(Excerpts from a dataset)
# # # # # # #
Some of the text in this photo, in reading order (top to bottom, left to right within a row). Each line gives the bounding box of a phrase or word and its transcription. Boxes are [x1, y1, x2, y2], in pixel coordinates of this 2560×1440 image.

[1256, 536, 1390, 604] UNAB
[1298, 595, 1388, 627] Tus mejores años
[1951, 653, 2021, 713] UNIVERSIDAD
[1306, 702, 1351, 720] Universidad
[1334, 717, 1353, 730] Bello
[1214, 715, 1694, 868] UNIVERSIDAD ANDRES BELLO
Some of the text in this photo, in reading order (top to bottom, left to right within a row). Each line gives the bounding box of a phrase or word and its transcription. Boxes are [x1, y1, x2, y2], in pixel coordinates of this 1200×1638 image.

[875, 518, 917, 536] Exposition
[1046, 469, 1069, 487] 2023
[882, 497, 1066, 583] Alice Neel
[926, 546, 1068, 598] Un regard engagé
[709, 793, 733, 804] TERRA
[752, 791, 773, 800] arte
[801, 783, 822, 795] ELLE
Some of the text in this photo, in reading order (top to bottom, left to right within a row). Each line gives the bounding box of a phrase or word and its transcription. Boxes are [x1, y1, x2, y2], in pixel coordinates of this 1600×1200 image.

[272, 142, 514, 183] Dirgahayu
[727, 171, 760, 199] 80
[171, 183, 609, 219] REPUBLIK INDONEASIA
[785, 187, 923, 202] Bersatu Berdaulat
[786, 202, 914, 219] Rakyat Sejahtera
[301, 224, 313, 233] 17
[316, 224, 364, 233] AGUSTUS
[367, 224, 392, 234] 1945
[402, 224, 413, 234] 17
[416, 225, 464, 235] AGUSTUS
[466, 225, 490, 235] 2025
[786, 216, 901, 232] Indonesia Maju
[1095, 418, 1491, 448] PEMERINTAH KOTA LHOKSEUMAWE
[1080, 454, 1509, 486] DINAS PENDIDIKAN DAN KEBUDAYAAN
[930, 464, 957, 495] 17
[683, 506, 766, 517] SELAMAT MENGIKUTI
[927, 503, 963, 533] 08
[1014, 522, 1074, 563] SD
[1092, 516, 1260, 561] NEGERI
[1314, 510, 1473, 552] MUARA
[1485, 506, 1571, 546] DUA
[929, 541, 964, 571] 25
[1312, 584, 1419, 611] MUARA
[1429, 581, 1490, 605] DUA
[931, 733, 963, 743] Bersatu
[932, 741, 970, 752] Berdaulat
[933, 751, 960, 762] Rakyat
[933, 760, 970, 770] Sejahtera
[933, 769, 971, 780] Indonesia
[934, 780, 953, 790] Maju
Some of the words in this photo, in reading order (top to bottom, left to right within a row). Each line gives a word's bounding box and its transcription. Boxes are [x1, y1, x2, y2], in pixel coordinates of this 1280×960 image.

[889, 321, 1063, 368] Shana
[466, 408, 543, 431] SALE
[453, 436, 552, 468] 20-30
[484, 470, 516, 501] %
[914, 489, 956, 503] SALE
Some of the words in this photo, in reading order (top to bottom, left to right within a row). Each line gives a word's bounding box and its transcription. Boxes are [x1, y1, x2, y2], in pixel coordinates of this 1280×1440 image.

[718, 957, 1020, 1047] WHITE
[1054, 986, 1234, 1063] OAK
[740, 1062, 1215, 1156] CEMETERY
# # # # # # #
Work to be completed:
Up to and including the last line of the records above, print exactly every line from the one that contains "this 1280×1440 image." onward.

Response to this exercise:
Some of the words in this photo, in reading order (top to bottom, left to right within a row). Each line gives a word's bounding box and its transcription. Boxes are [x1, y1, x2, y2], in pixel coordinates of this 1280×1440 image.

[718, 957, 1020, 1047] WHITE
[1054, 986, 1234, 1063] OAK
[740, 1062, 1215, 1156] CEMETERY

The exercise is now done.